A Cautionary Tale: The Typewriter sold on eBay in Melbourne while still sitting on a shelf in Minnesota


Alan Seaver's photograph of his Optima P1 portable typewriter
which was included in the Melbourne eBay listing
The Optima P1 portable typewriter which
is in Alan Seaver's home in Minnesota.
Does it look slightly similar to you?
Ending my “On This Day in Typewriter History” series in September left a massive gap in my life. I fell right through it and struggled to get back up for air.
One night in the middle of October, feeling quite the opposite to what Townes Van Zandt once called “zippity do dah”, I felt the need to cheer myself up by buying a nice typewriter.
I had a quick scan through what was available on Australian eBay and found just the thing. It was a green Optima P1 portable typewriter exactly like the one Richard Polt had once owned in Cincinnati and is now owned by Alan Seaver, in Rochester, Minnesota.
The eBay item number is 150672343105 and you can still see the listing on eBay.
Both Richard and Alan knew well how much I had admired that machine and wished to own one like it.
The green Optima P1 was listed at a “Buy it Now” price of $A45.99 with postage of $35. The price, though not the postage, seemed very, very reasonable to me at the time and in my excitement I hit the “Buy it Now” link and committed myself.
I went to bed that night feeling a bit brighter about the world and thinking how much the typewriter looked like Alan Seaver’s.
The next morning I woke up to myself, as the awful truth had dawned on me that the typewriter I thought I’d bought WAS Alan Seaver’s.
Naturally, I sprang into action, messaging the seller, both through the eBay messaging system and by email. I had the seller’s email address because, of course, it was attached to my invoice.
There was, for several days, no response from the seller, after I had pointed out to him that not alone was the photograph he used with the listing one taken by Alan and included on his website, but indeed the typewriter itself was still in Alan’s possession. The seller had even gone to the trouble of putting his own watermark on Alan’s photograph.
Eventually, some days later, I got this reply: “I am not sure as to who Alan Seaver is, and how we have his typewriter, we never said we have "his typewriter". I have never even heard of Alan Seaver or what he has to do with any of this. Bill Balatli.”
In the meantime, I had alerted both Alan and Richard to what had happened. Alan responded: “I just checked the shelf to make sure it hadn't escaped and swum across the Pacific.”
As frustrating as all this was for me at the time, having committed myself to buy and with the seller playing dumb about the item he had listed as his to sell, it was nothing compared to trying to get some real assistance or satisfaction from eBay.
Some of you may have experienced this difficulty, in first finding anyone to communicate with at eBay, and secondly in getting eBay to act in any way on such an obvious listing infringement.
When I eventually managed to get hold of someone to talk to at eBay, the key issue appeared to be whether this item was “unique”. In other words, eBay was unconvinced that I would know for certain that this typewriter listed for sale in Melbourne was the actual typewriter owned by Alan Seaver in Minnesota.
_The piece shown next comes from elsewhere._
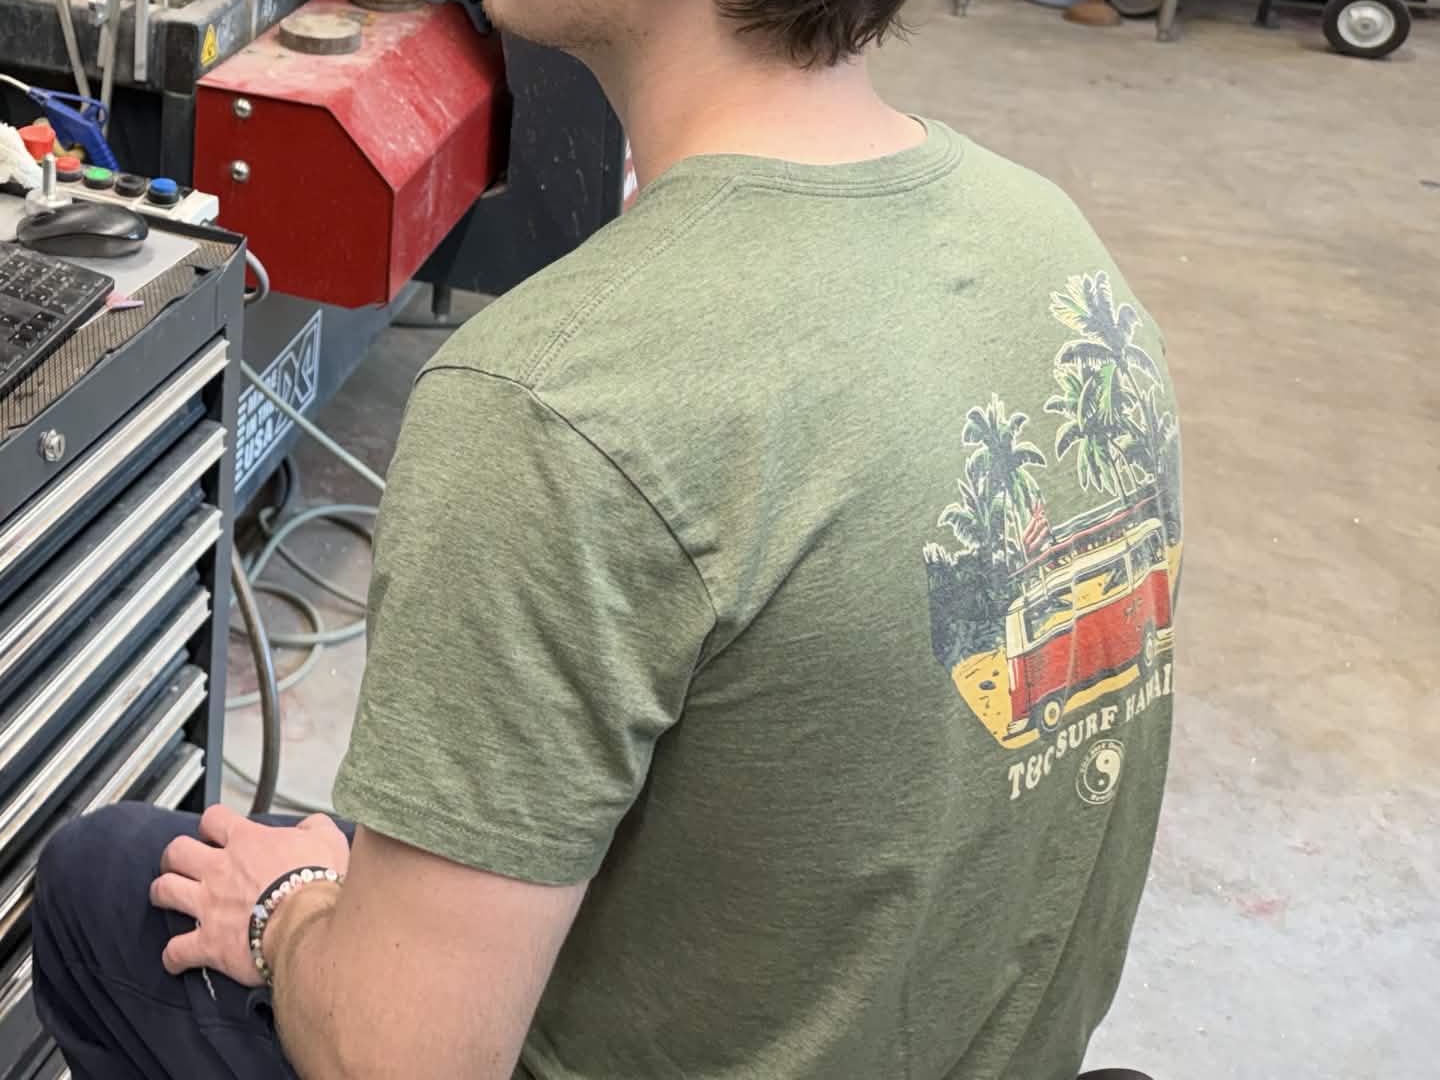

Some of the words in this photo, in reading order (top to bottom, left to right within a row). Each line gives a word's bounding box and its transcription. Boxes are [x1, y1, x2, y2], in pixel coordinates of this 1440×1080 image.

[243, 418, 274, 470] USA
[1008, 745, 1055, 800] T&C
[1056, 705, 1119, 759] SURF
[1125, 663, 1176, 722] HAWAI
Explanations about the small, tight worldwide community of typewriter collectors, about us being in close contact with one another and about the movement or ownership of certain, specific typewriters, seemed to hold no water with eBay.
One eBay customer support message read, “I hope you're having a great Sunday [they were kidding, right?] and thanks for writing eBay. I know you are worried about an item you've won from seller billbalatli. I'm Ron and I will definitely help you with this.” I’m here to tell you Ron definitely DID not help me.
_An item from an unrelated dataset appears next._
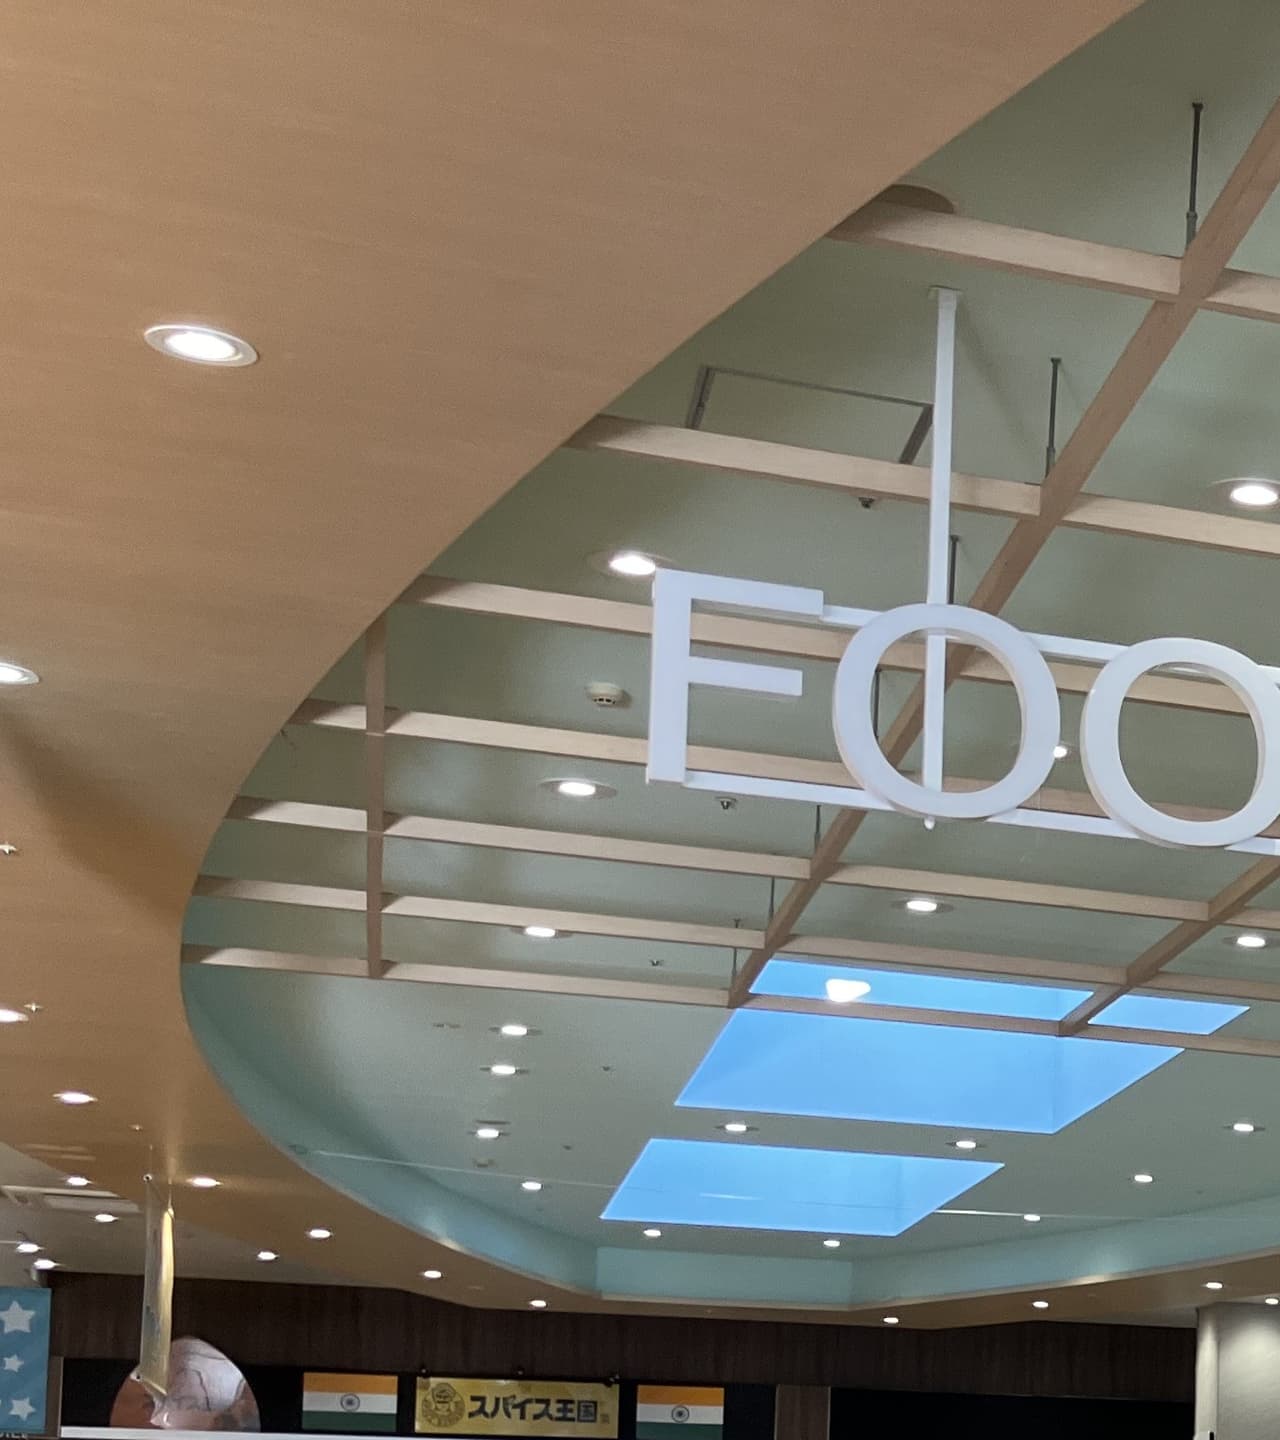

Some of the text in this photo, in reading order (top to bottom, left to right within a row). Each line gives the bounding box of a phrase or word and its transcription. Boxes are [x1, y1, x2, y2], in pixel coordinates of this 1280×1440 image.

Another “cheery” message from eBay’s Trust and Safety team read: “Hello there, thanks for writing back to eBay with regard to the seller of this item, whom you believe is using someone’s Item Picture. My name is Reeve, let me look into this for you. I want to thank you for letting us know about this and helping us to keep eBay the safest market place online. Please be assured that we will conduct thorough investigation on billbalatli's account. We take your report seriously and we won't tolerate members with such inappropriate behaviour and take action when necessary. You may not immediately notice or be able to see these actions, but they can include removing a listing, sending the member a warning, limiting buying and selling privileges, or even suspending the account.
“I hope I've put you at ease. You've been an extremely valuable member of the eBay community and I do hope that all of your future endeavours with us are not only pleasant, but successful as well.”
What utter bullshit. eBay is next to useless in situations such as this, always has been, always will be. The “best” advice I received from eBay was to not pay for the item, but to wait until the seller cancelled the transaction, then take up the issue.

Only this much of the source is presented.